Exhibits › Healing Through Art

By historical standards, most Americans nowadays experience unparalleled material wealth. This includes access to ample food, safe tap water, sanitary indoor plumbing, heating and air conditioning, a modicum of modern medical and dental care, opportunities for entertainment and travel, a car, a personal computer, antibiotics, antihistamines, aspirin, and other readily available over-the-counter anodynes.

Yet Americans spend over $11 billion dollars on doctor-prescribed antidepressants and an additional $4 billion or more on anti-anxiety drugs. If one adds in annual alcohol and sales in illegal drug purchases, this totals at least $165 billion dollars spent on trying to feel a little better about life and one’s situation.

Unfortunately, liquor acts as a depressant on the brain and nervous system, and most “happy pills” mitigate all deep feelings—like love and sexual desire.
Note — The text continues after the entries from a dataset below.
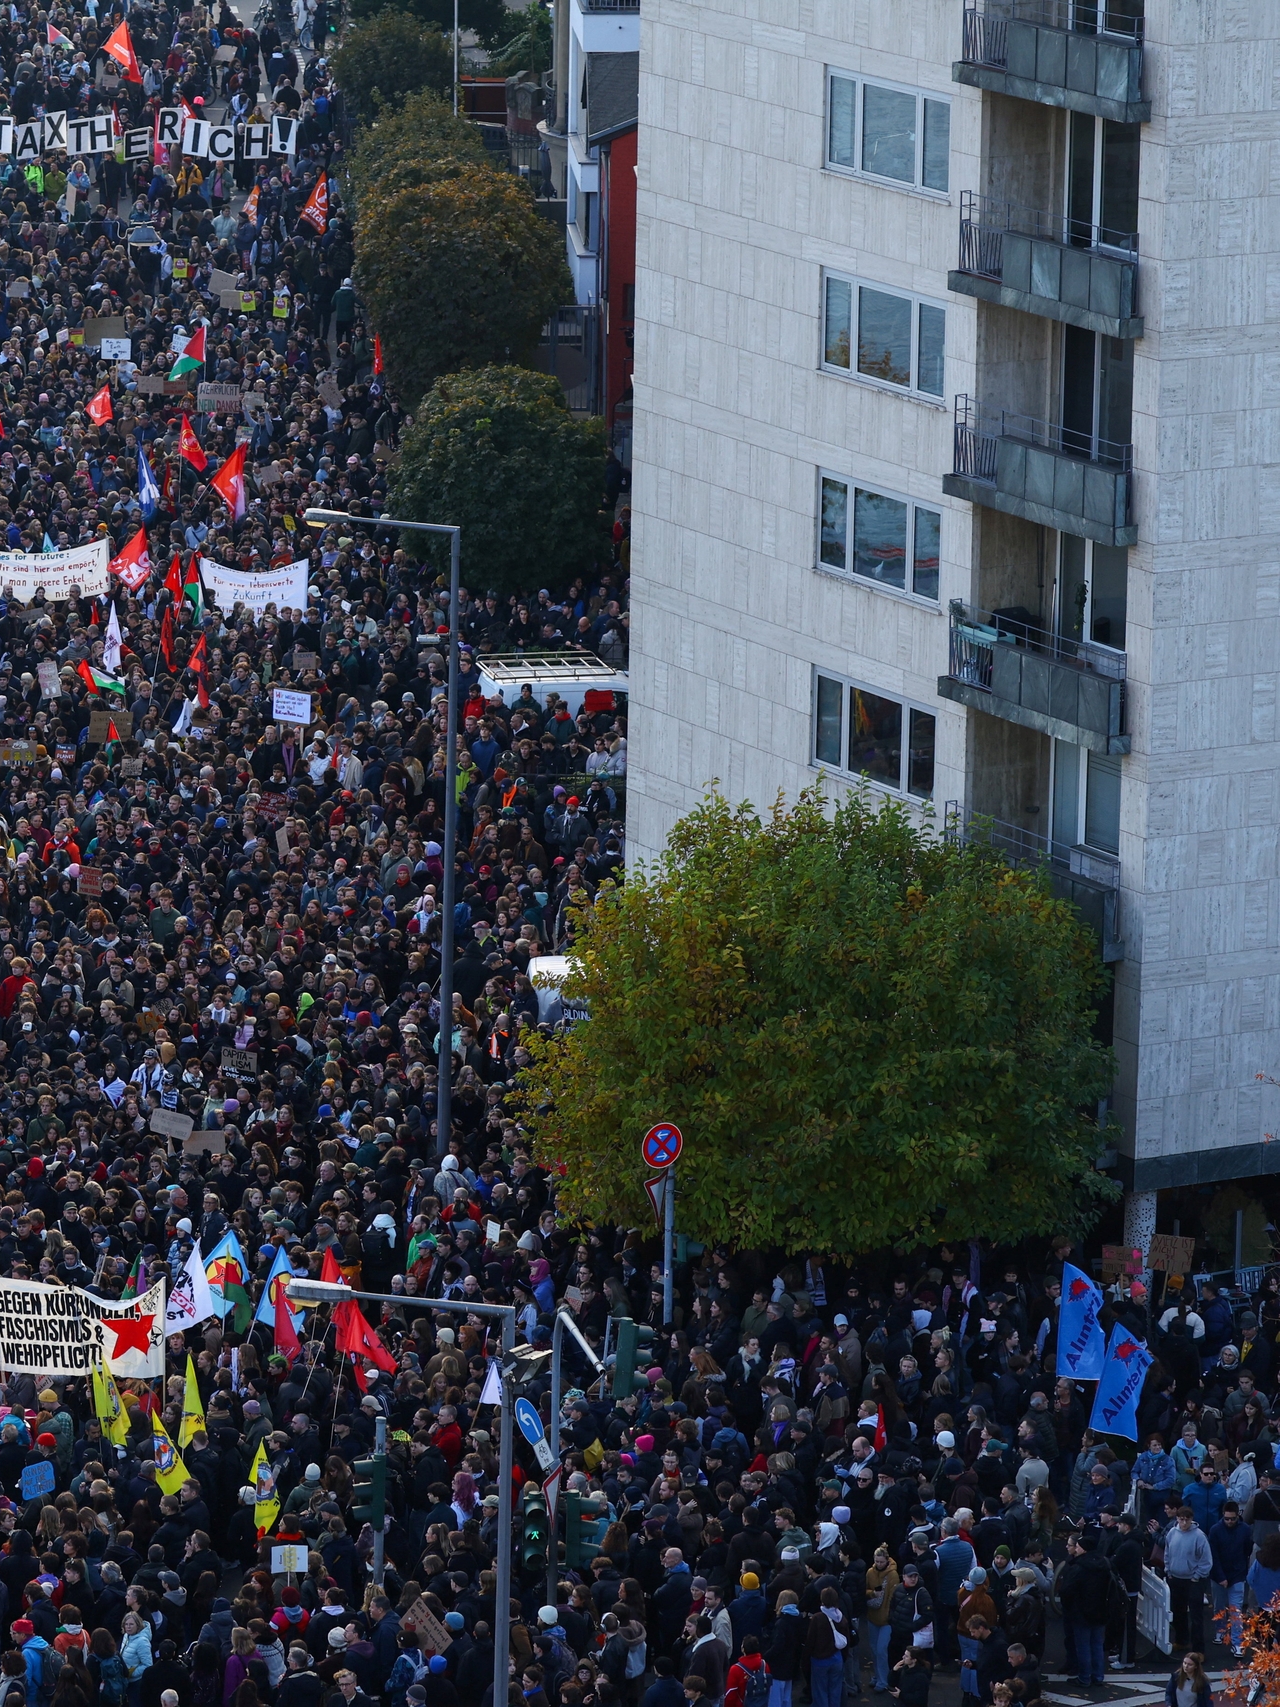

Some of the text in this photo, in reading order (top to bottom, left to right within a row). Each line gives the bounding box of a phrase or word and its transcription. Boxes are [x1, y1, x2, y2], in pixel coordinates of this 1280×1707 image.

[69, 117, 148, 158] THE
[158, 110, 294, 157] RICH!
[199, 399, 239, 413] NEIN DANKE
[14, 553, 27, 561] for
[13, 563, 29, 573] sind
[34, 564, 50, 573] hier
[52, 564, 65, 572] und
[68, 559, 97, 571] empört,
[9, 579, 27, 587] man
[33, 578, 60, 588] unsere
[63, 574, 85, 585] Enkel
[213, 576, 225, 585] Für
[249, 577, 294, 589] lebenswerte
[222, 1065, 239, 1073] LEVEL
[231, 1060, 252, 1071] LISM
[240, 1075, 255, 1083] 9000
[1152, 1243, 1177, 1254] NICHT
[1181, 1237, 1196, 1248] IST
[44, 1289, 141, 1321] KÜRZUNGEN,
[94, 1325, 105, 1346] &
[1, 1342, 103, 1369] WEHRPFLICHT!
[416, 1601, 426, 1613] Gen
[410, 1608, 419, 1621] Gen
The well-respected Consumers Report organization notes that:

“1 in 5 adults—about 50 million Americans—reported hurting every day or almost every day in the previous six months. Nearly 20 million reported pain so severe it limited their ability to work, socialize, and even take care of themselves and their family.”
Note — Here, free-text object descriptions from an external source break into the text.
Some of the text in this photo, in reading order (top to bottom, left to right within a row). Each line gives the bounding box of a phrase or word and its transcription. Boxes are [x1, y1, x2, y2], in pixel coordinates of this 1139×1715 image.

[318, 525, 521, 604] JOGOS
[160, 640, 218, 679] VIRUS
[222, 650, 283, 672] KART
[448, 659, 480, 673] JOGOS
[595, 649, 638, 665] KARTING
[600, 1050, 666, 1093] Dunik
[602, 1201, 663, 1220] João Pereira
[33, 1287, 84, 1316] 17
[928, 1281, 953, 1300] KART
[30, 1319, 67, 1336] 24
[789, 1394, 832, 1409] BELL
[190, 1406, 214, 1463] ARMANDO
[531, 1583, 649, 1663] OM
The real inconvenient truth is that there is an inherent and unavoidable sadness to the human condition. Everyone we love and everything we cherish perishes in a relatively short period of time. Including ourselves.

Consumer culture has tried with great vigor and ingenuity to distract us from this stark reality with various transient pleasures, potions, and a plethora of psychotherapies—all claiming to have “the answer” to what ails you.

When Jerusalem was destroyed in 586 BC, the Jews were dragged off to slavery in Babylon. The most profound communal response to this tragedy was the creation of the Book of Lamentations. It is the text that still is held as sacred by both religious Jews and Christians. Even as a modern secular Jew, these ancient words resonate with me.

Other related texts in the Old Testament, like the Psalms and the books of Job and Ecclesiastes, can also console our spirits in these increasingly precarious and bewildering times. One does not need to believe in an all-powerful deity to be moved by religiously inspired poetry and symbolism.

Like virtually all people who have managed to live into their 60s, I have known my share of grief. My response to these difficult moments has always been art.

The words of the philosopher John Armstrong seem especially apt: “Art reminds us of the legitimate place of sorrow in a good life, so that we recognize our difficulties as elements of any noble existence…To say that art is therapeutic is not to suggest that it shares therapy’s methods but rather its underlying ambition: to help us to cope better with existence.”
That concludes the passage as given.